WHAT TO WORK ON >>
Retype exactly every line from the one that includes "this 1270×1020 image." through the final line of the listing, both ends kept, and omit the pictures.

DATA >>
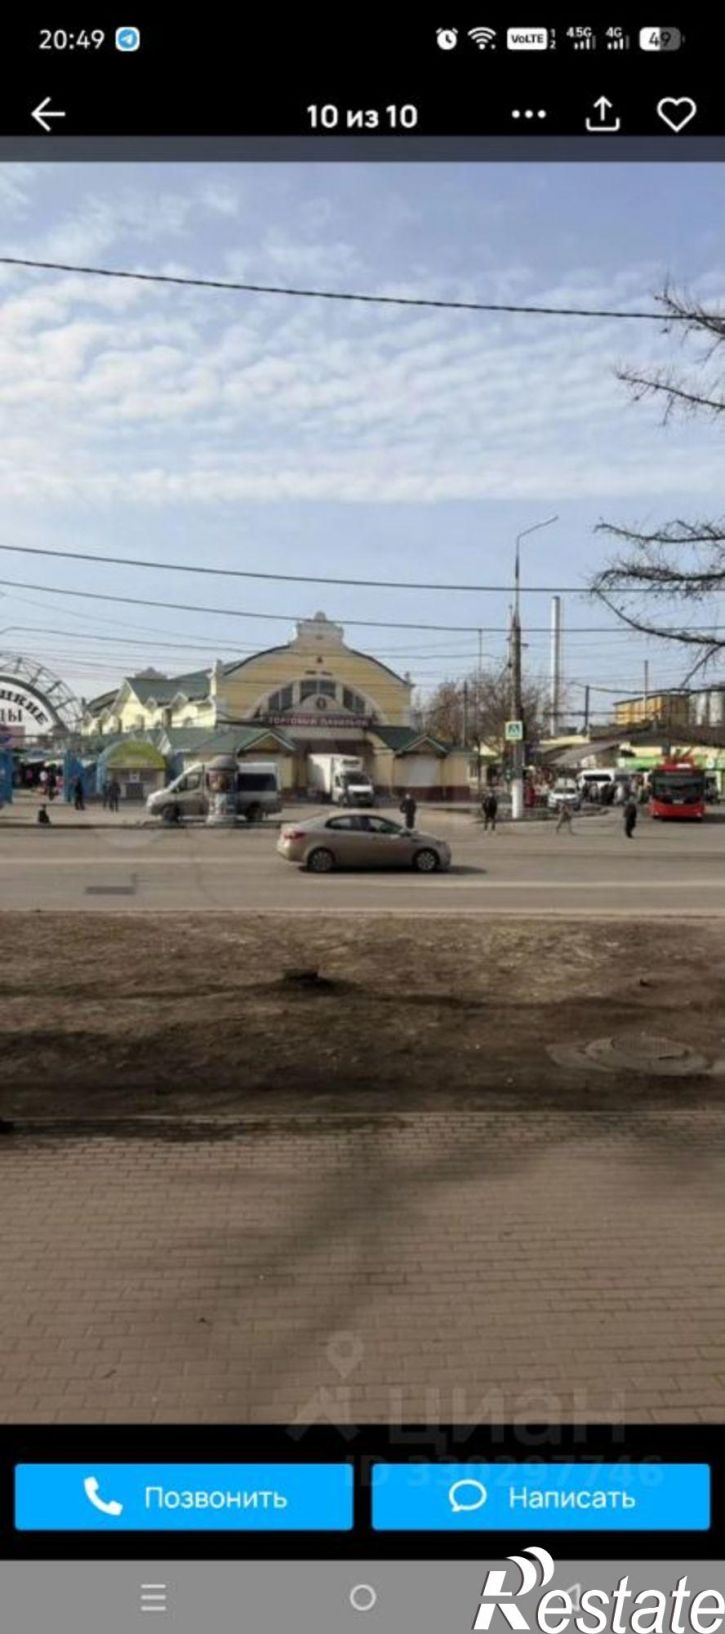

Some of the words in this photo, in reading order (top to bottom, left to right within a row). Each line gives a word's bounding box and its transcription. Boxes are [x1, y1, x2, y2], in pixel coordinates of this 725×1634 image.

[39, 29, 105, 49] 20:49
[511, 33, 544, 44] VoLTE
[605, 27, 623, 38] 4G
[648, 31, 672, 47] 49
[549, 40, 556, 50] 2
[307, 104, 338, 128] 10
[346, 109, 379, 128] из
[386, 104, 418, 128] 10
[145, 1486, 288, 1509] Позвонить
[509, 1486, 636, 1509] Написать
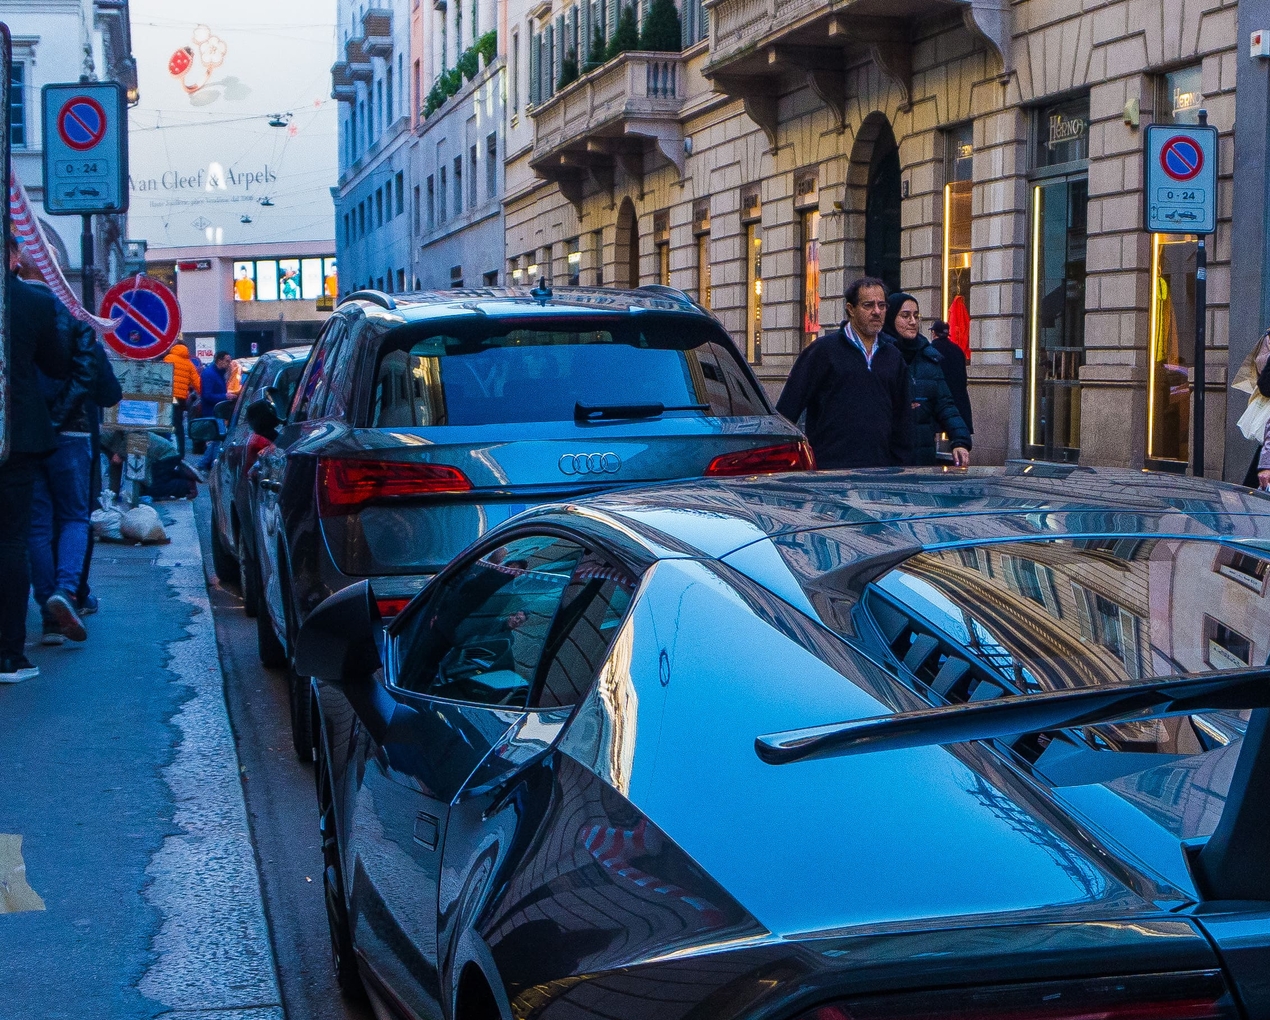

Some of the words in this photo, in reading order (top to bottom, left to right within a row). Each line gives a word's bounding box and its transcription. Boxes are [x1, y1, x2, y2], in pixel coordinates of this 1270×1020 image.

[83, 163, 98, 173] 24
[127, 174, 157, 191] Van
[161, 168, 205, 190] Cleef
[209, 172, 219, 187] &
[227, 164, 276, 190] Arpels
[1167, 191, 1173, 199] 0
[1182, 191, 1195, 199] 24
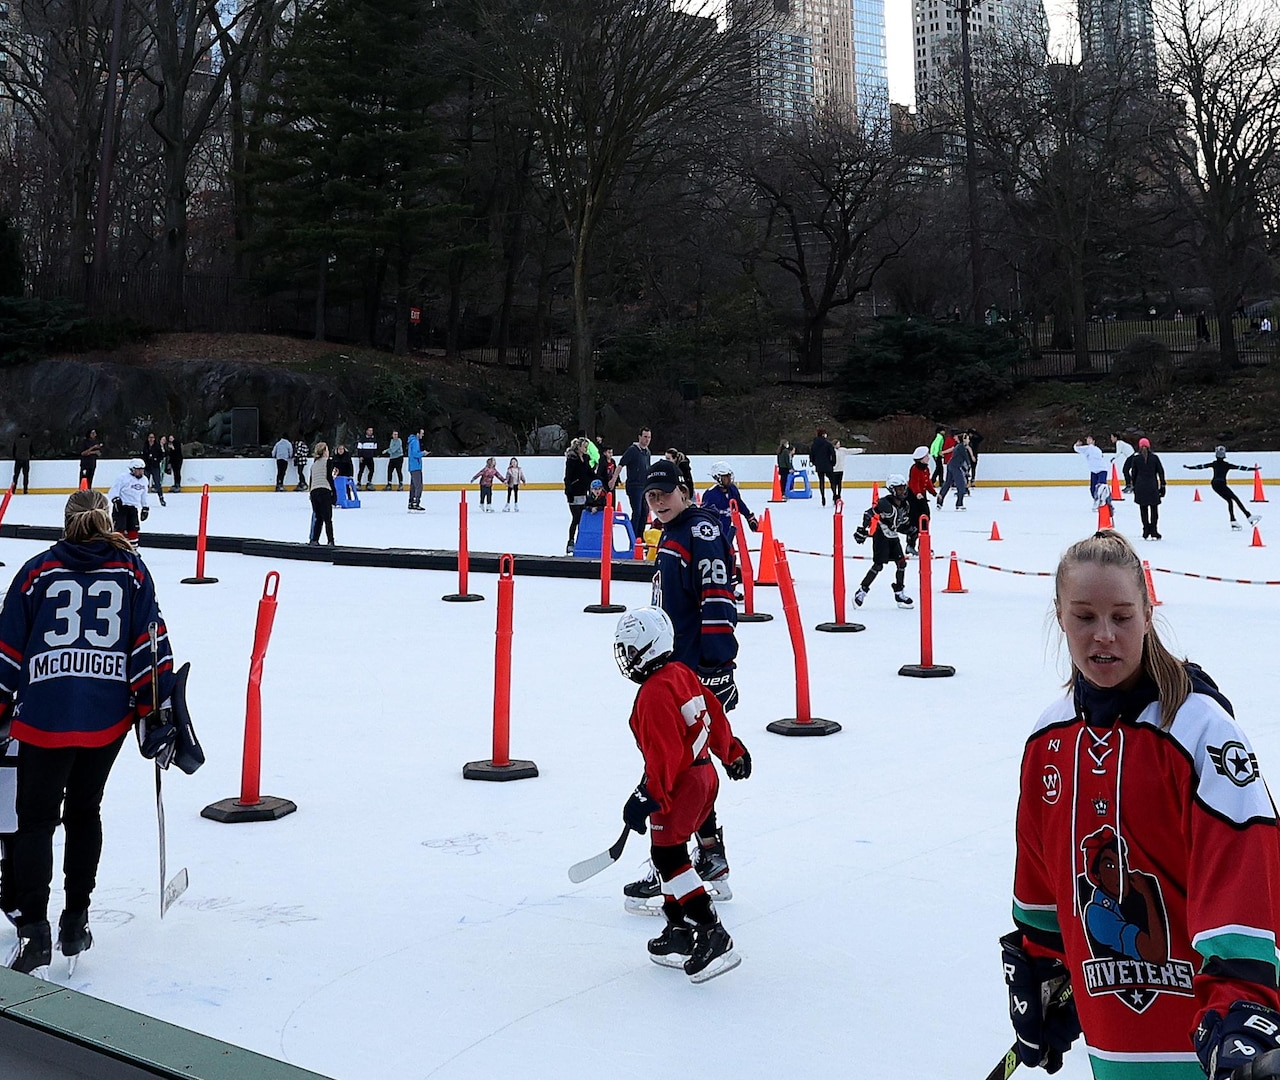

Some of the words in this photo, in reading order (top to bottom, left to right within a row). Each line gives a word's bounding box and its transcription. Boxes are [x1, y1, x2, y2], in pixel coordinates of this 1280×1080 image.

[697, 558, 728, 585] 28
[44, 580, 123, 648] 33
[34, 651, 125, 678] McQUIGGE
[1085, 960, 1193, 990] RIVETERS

SOLUTION TO THIS TASK >>
Some of the words in this photo, in reading order (top to bottom, left to right within a row). Each line gives a word's bounding box and its transcription. Boxes are [x1, y1, x2, y2], in pixel coordinates of this 1270×1020 image.

[83, 163, 98, 173] 24
[127, 174, 157, 191] Van
[161, 168, 205, 190] Cleef
[209, 172, 219, 187] &
[227, 164, 276, 190] Arpels
[1167, 191, 1173, 199] 0
[1182, 191, 1195, 199] 24

Some of the words in this photo, in reading order (top to bottom, left to right within a row). Each line gives a word's bounding box and its transcription. Boxes are [x1, y1, x2, y2], in pixel coordinates of this 1280×1080 image.

[697, 558, 728, 585] 28
[44, 580, 123, 648] 33
[34, 651, 125, 678] McQUIGGE
[1085, 960, 1193, 990] RIVETERS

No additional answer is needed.